Your objective
The entries are to be repeated exactly, with all pictures omitted.

Records provided
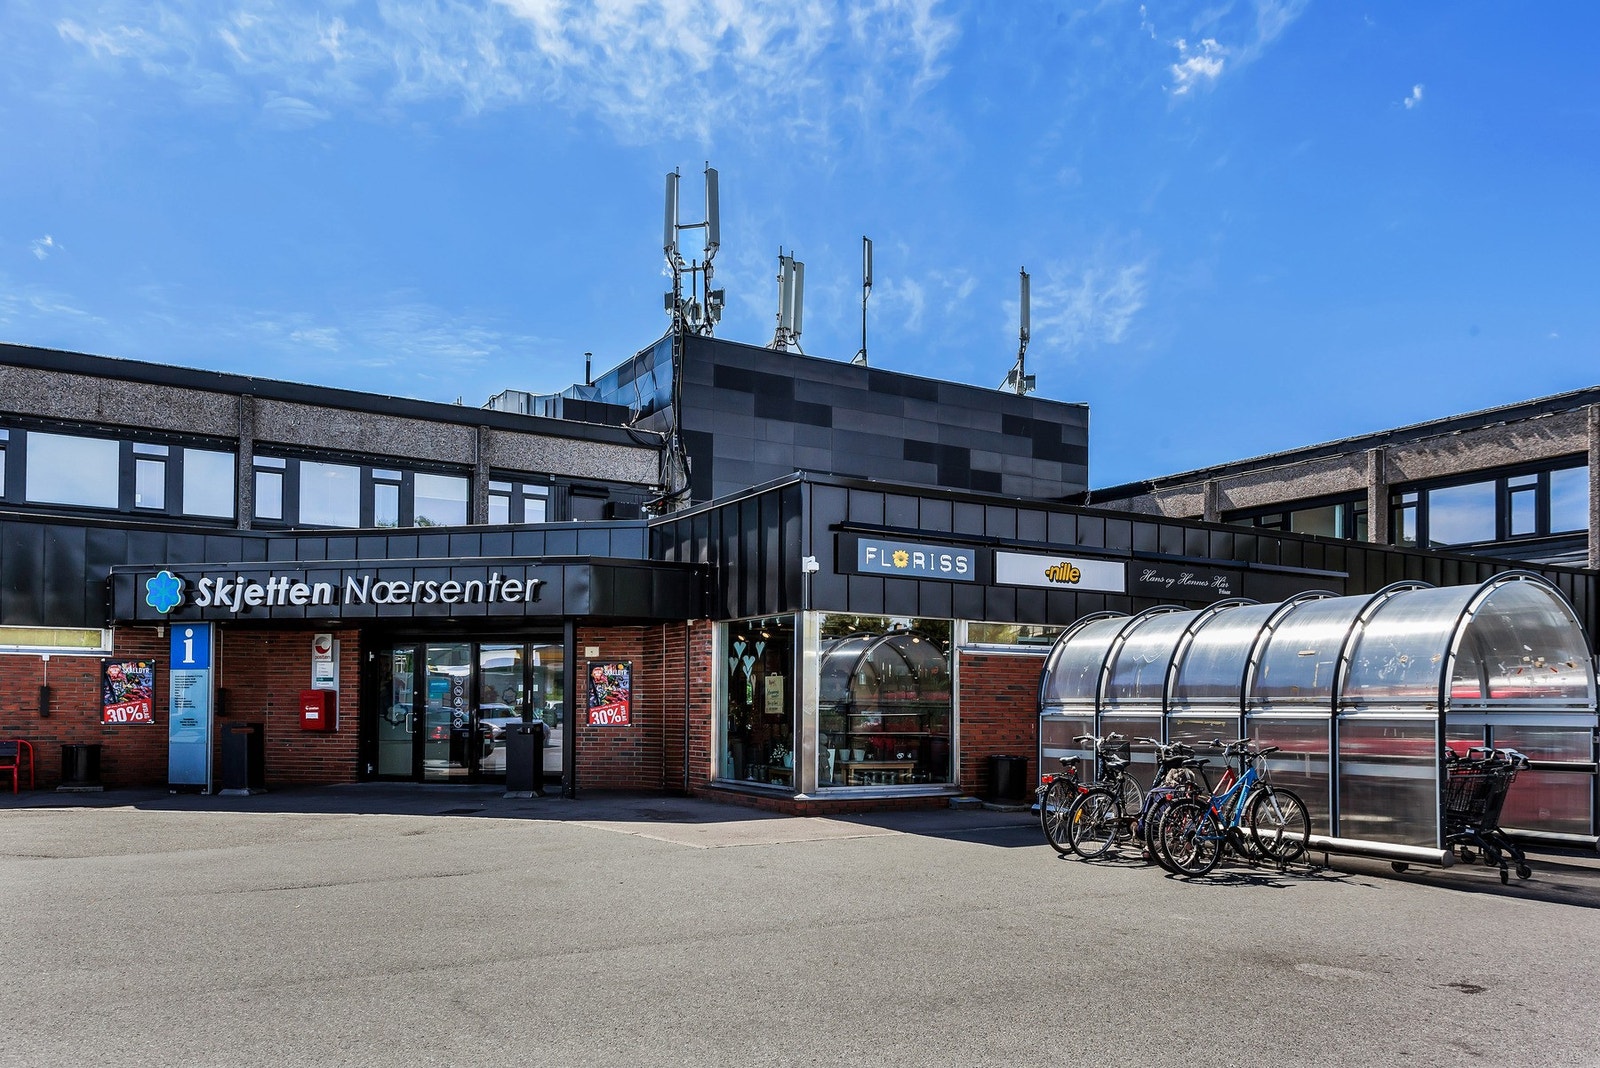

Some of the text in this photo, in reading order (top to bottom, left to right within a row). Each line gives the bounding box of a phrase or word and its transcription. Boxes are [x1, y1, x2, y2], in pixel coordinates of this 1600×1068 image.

[866, 547, 968, 574] FLORISS
[1048, 561, 1081, 584] nille
[1140, 569, 1164, 582] Hans
[1165, 577, 1175, 588] og
[1177, 572, 1209, 587] Hennes
[195, 572, 539, 613] Skjetten Nærsenter
[183, 628, 195, 664] i
[106, 704, 143, 722] 30%
[591, 707, 621, 725] 30%
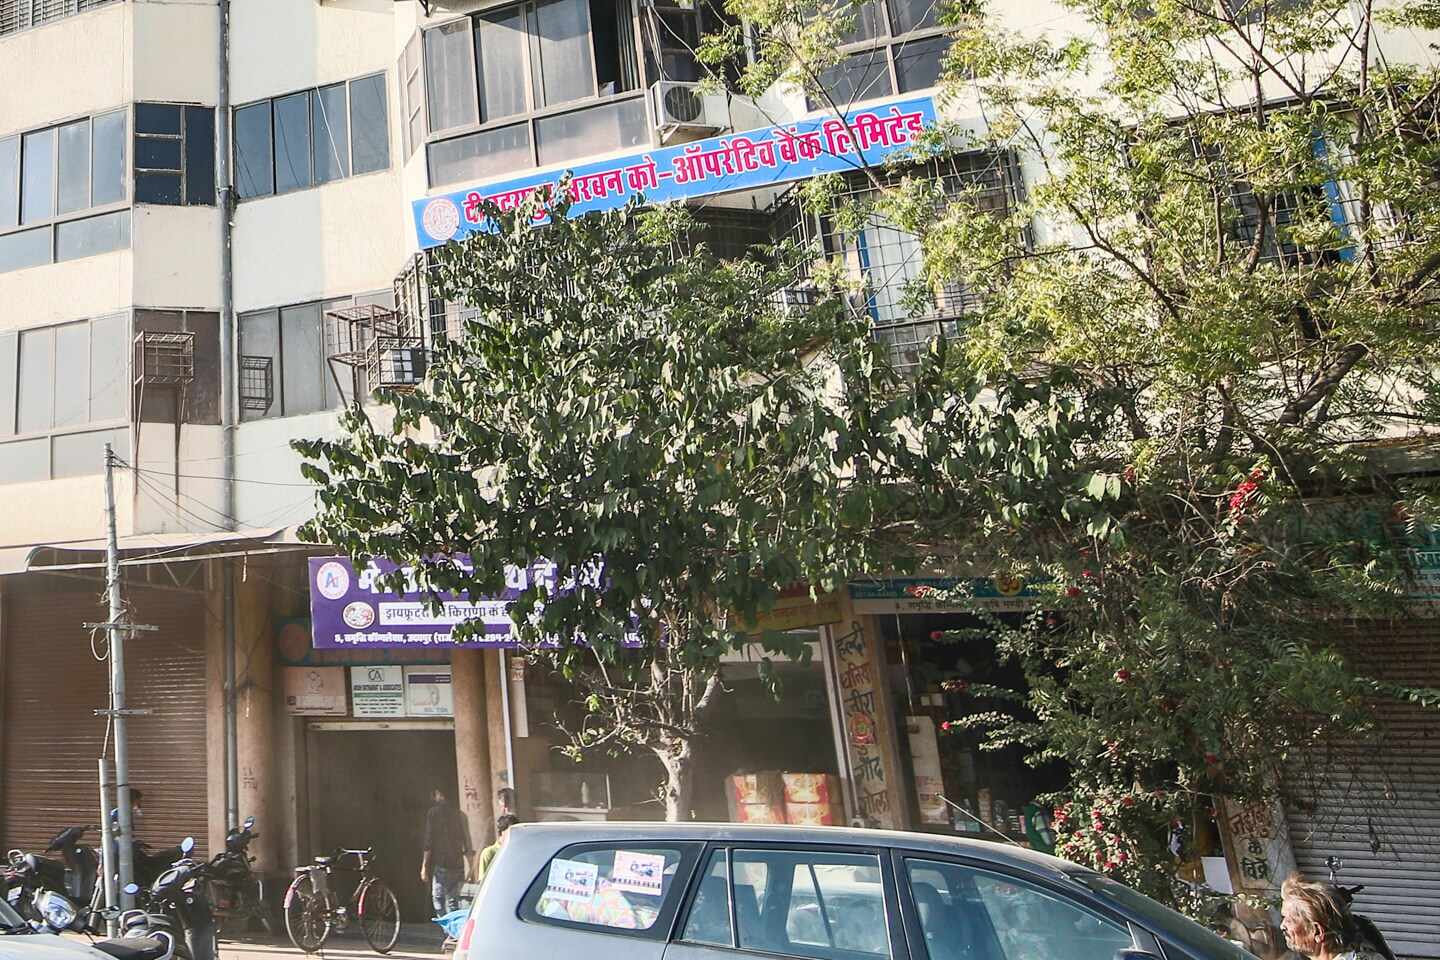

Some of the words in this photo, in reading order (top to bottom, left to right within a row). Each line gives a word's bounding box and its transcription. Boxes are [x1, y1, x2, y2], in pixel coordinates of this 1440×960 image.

[824, 107, 924, 156] लिमिटेड
[835, 621, 867, 661] हल्दी
[368, 669, 382, 681] CA
[844, 689, 875, 717] जीरा

Solution
Some of the text in this photo, in reading order (top to bottom, left to right within a row). Each line gives the bounding box of a phrase or word and its transcription. Boxes are [x1, y1, x2, y2], in pixel coordinates of this 1600×1068 image.

[866, 547, 968, 574] FLORISS
[1048, 561, 1081, 584] nille
[1140, 569, 1164, 582] Hans
[1165, 577, 1175, 588] og
[1177, 572, 1209, 587] Hennes
[195, 572, 539, 613] Skjetten Nærsenter
[183, 628, 195, 664] i
[106, 704, 143, 722] 30%
[591, 707, 621, 725] 30%

Some of the words in this photo, in reading order (top to bottom, left to right within a row). Each line gives a word's bounding box and its transcription. Boxes are [x1, y1, x2, y2], in pixel coordinates of this 1440×960 image.

[824, 107, 924, 156] लिमिटेड
[835, 621, 867, 661] हल्दी
[368, 669, 382, 681] CA
[844, 689, 875, 717] जीरा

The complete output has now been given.